■ Work instructions: Nothing in the listing may change. Repeat all of it.
--------------------------------------------------
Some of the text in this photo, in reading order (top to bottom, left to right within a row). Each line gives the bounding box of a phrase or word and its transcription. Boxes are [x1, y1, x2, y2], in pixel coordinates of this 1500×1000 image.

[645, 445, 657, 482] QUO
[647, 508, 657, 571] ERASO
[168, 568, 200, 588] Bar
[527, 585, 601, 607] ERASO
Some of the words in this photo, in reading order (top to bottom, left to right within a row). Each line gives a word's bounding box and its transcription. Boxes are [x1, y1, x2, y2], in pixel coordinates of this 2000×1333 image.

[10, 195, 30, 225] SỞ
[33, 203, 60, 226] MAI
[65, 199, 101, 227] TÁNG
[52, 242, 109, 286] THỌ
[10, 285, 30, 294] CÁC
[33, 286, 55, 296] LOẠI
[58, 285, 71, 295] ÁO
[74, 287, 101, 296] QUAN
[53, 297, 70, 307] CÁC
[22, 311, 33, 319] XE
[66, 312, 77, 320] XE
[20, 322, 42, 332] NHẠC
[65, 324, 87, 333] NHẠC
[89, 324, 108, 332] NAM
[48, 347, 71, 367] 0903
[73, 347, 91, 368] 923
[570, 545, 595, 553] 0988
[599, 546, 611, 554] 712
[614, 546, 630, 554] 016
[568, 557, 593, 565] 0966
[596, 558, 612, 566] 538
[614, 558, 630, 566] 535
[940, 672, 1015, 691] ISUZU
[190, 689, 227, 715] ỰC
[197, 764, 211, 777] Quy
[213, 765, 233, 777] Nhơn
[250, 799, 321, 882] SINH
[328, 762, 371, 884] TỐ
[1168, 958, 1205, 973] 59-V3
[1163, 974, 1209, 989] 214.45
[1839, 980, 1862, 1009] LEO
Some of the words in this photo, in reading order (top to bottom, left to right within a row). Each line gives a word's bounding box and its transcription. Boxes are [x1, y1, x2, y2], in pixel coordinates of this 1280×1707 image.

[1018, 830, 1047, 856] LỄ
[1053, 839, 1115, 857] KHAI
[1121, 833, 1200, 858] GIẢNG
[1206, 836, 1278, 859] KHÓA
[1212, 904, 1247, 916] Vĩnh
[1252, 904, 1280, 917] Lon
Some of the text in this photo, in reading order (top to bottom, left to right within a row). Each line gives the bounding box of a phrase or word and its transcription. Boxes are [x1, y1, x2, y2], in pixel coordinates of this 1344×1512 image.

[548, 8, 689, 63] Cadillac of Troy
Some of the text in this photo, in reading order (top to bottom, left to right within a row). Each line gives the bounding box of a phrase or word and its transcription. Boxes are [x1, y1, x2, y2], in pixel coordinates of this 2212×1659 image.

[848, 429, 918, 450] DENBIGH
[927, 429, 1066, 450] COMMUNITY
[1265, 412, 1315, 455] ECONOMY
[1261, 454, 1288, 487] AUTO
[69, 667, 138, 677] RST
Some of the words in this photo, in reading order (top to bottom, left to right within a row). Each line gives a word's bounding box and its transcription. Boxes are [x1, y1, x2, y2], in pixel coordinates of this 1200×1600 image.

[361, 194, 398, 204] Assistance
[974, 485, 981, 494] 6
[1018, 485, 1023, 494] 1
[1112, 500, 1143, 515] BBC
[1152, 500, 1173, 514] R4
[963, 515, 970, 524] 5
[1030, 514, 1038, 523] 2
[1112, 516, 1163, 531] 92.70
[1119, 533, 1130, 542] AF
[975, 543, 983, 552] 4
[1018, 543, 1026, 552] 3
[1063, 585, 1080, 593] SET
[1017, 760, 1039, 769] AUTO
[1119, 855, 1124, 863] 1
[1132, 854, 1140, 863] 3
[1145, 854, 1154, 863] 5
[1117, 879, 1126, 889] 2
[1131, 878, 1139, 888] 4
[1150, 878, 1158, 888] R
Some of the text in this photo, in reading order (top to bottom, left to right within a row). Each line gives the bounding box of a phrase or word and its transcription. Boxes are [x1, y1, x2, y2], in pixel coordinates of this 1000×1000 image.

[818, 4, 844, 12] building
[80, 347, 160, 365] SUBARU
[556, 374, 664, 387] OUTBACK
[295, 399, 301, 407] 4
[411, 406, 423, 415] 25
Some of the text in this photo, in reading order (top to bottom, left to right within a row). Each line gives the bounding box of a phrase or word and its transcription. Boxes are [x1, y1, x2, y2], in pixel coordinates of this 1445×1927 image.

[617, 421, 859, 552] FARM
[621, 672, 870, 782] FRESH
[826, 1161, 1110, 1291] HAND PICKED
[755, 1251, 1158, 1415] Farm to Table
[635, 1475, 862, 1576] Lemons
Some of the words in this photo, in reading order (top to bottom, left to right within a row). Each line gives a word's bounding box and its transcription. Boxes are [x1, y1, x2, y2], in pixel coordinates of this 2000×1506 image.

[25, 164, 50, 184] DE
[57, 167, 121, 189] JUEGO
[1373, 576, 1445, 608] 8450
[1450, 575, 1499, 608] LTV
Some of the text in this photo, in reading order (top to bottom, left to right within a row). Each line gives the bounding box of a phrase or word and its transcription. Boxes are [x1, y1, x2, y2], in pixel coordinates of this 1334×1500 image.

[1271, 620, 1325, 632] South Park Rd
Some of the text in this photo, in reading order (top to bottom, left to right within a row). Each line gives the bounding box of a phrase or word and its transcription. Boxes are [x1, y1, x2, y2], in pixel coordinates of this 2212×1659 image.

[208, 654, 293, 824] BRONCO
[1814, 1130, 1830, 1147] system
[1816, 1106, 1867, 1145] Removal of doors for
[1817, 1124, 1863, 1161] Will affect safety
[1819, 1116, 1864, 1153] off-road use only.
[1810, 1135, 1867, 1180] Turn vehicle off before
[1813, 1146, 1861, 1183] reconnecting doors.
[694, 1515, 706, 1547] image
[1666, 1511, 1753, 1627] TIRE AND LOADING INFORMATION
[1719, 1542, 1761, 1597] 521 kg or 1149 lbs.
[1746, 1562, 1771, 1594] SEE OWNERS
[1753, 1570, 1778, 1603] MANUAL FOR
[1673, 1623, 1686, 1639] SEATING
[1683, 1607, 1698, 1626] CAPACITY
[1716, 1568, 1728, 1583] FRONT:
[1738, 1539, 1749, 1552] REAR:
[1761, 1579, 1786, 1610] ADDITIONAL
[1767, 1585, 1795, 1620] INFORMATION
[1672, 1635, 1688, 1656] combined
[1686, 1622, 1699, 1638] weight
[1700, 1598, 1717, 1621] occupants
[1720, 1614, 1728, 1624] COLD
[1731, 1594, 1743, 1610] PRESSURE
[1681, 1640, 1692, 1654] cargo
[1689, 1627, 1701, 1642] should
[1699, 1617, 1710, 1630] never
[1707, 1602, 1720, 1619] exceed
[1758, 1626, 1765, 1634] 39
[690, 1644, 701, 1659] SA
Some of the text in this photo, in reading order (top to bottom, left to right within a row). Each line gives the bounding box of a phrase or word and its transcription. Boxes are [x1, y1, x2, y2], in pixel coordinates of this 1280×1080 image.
--------------------------------------------------
■ Answer box:
Some of the text in this photo, in reading order (top to bottom, left to right within a row). Each line gives the bounding box of a phrase or word and its transcription. Boxes are [x1, y1, x2, y2], in pixel coordinates of this 1500×1000 image.

[645, 445, 657, 482] QUO
[647, 508, 657, 571] ERASO
[168, 568, 200, 588] Bar
[527, 585, 601, 607] ERASO
Some of the words in this photo, in reading order (top to bottom, left to right within a row). Each line gives a word's bounding box and its transcription. Boxes are [x1, y1, x2, y2], in pixel coordinates of this 2000×1333 image.

[10, 195, 30, 225] SỞ
[33, 203, 60, 226] MAI
[65, 199, 101, 227] TÁNG
[52, 242, 109, 286] THỌ
[10, 285, 30, 294] CÁC
[33, 286, 55, 296] LOẠI
[58, 285, 71, 295] ÁO
[74, 287, 101, 296] QUAN
[53, 297, 70, 307] CÁC
[22, 311, 33, 319] XE
[66, 312, 77, 320] XE
[20, 322, 42, 332] NHẠC
[65, 324, 87, 333] NHẠC
[89, 324, 108, 332] NAM
[48, 347, 71, 367] 0903
[73, 347, 91, 368] 923
[570, 545, 595, 553] 0988
[599, 546, 611, 554] 712
[614, 546, 630, 554] 016
[568, 557, 593, 565] 0966
[596, 558, 612, 566] 538
[614, 558, 630, 566] 535
[940, 672, 1015, 691] ISUZU
[190, 689, 227, 715] ỰC
[197, 764, 211, 777] Quy
[213, 765, 233, 777] Nhơn
[250, 799, 321, 882] SINH
[328, 762, 371, 884] TỐ
[1168, 958, 1205, 973] 59-V3
[1163, 974, 1209, 989] 214.45
[1839, 980, 1862, 1009] LEO
Some of the words in this photo, in reading order (top to bottom, left to right within a row). Each line gives a word's bounding box and its transcription. Boxes are [x1, y1, x2, y2], in pixel coordinates of this 1280×1707 image.

[1018, 830, 1047, 856] LỄ
[1053, 839, 1115, 857] KHAI
[1121, 833, 1200, 858] GIẢNG
[1206, 836, 1278, 859] KHÓA
[1212, 904, 1247, 916] Vĩnh
[1252, 904, 1280, 917] Lon
Some of the text in this photo, in reading order (top to bottom, left to right within a row). Each line gives the bounding box of a phrase or word and its transcription. Boxes are [x1, y1, x2, y2], in pixel coordinates of this 1344×1512 image.

[548, 8, 689, 63] Cadillac of Troy
Some of the text in this photo, in reading order (top to bottom, left to right within a row). Each line gives the bounding box of a phrase or word and its transcription. Boxes are [x1, y1, x2, y2], in pixel coordinates of this 2212×1659 image.

[848, 429, 918, 450] DENBIGH
[927, 429, 1066, 450] COMMUNITY
[1265, 412, 1315, 455] ECONOMY
[1261, 454, 1288, 487] AUTO
[69, 667, 138, 677] RST
Some of the words in this photo, in reading order (top to bottom, left to right within a row). Each line gives a word's bounding box and its transcription. Boxes are [x1, y1, x2, y2], in pixel coordinates of this 1200×1600 image.

[361, 194, 398, 204] Assistance
[974, 485, 981, 494] 6
[1018, 485, 1023, 494] 1
[1112, 500, 1143, 515] BBC
[1152, 500, 1173, 514] R4
[963, 515, 970, 524] 5
[1030, 514, 1038, 523] 2
[1112, 516, 1163, 531] 92.70
[1119, 533, 1130, 542] AF
[975, 543, 983, 552] 4
[1018, 543, 1026, 552] 3
[1063, 585, 1080, 593] SET
[1017, 760, 1039, 769] AUTO
[1119, 855, 1124, 863] 1
[1132, 854, 1140, 863] 3
[1145, 854, 1154, 863] 5
[1117, 879, 1126, 889] 2
[1131, 878, 1139, 888] 4
[1150, 878, 1158, 888] R
Some of the text in this photo, in reading order (top to bottom, left to right within a row). Each line gives the bounding box of a phrase or word and its transcription. Boxes are [x1, y1, x2, y2], in pixel coordinates of this 1000×1000 image.

[818, 4, 844, 12] building
[80, 347, 160, 365] SUBARU
[556, 374, 664, 387] OUTBACK
[295, 399, 301, 407] 4
[411, 406, 423, 415] 25
Some of the text in this photo, in reading order (top to bottom, left to right within a row). Each line gives the bounding box of a phrase or word and its transcription. Boxes are [x1, y1, x2, y2], in pixel coordinates of this 1445×1927 image.

[617, 421, 859, 552] FARM
[621, 672, 870, 782] FRESH
[826, 1161, 1110, 1291] HAND PICKED
[755, 1251, 1158, 1415] Farm to Table
[635, 1475, 862, 1576] Lemons
Some of the words in this photo, in reading order (top to bottom, left to right within a row). Each line gives a word's bounding box and its transcription. Boxes are [x1, y1, x2, y2], in pixel coordinates of this 2000×1506 image.

[25, 164, 50, 184] DE
[57, 167, 121, 189] JUEGO
[1373, 576, 1445, 608] 8450
[1450, 575, 1499, 608] LTV
Some of the text in this photo, in reading order (top to bottom, left to right within a row). Each line gives the bounding box of a phrase or word and its transcription. Boxes are [x1, y1, x2, y2], in pixel coordinates of this 1334×1500 image.

[1271, 620, 1325, 632] South Park Rd
Some of the text in this photo, in reading order (top to bottom, left to right within a row). Each line gives the bounding box of a phrase or word and its transcription. Boxes are [x1, y1, x2, y2], in pixel coordinates of this 2212×1659 image.

[208, 654, 293, 824] BRONCO
[1814, 1130, 1830, 1147] system
[1816, 1106, 1867, 1145] Removal of doors for
[1817, 1124, 1863, 1161] Will affect safety
[1819, 1116, 1864, 1153] off-road use only.
[1810, 1135, 1867, 1180] Turn vehicle off before
[1813, 1146, 1861, 1183] reconnecting doors.
[694, 1515, 706, 1547] image
[1666, 1511, 1753, 1627] TIRE AND LOADING INFORMATION
[1719, 1542, 1761, 1597] 521 kg or 1149 lbs.
[1746, 1562, 1771, 1594] SEE OWNERS
[1753, 1570, 1778, 1603] MANUAL FOR
[1673, 1623, 1686, 1639] SEATING
[1683, 1607, 1698, 1626] CAPACITY
[1716, 1568, 1728, 1583] FRONT:
[1738, 1539, 1749, 1552] REAR:
[1761, 1579, 1786, 1610] ADDITIONAL
[1767, 1585, 1795, 1620] INFORMATION
[1672, 1635, 1688, 1656] combined
[1686, 1622, 1699, 1638] weight
[1700, 1598, 1717, 1621] occupants
[1720, 1614, 1728, 1624] COLD
[1731, 1594, 1743, 1610] PRESSURE
[1681, 1640, 1692, 1654] cargo
[1689, 1627, 1701, 1642] should
[1699, 1617, 1710, 1630] never
[1707, 1602, 1720, 1619] exceed
[1758, 1626, 1765, 1634] 39
[690, 1644, 701, 1659] SA
Some of the text in this photo, in reading order (top to bottom, left to right within a row). Each line gives the bounding box of a phrase or word and its transcription. Boxes are [x1, y1, x2, y2], in pixel coordinates of this 1280×1080 image.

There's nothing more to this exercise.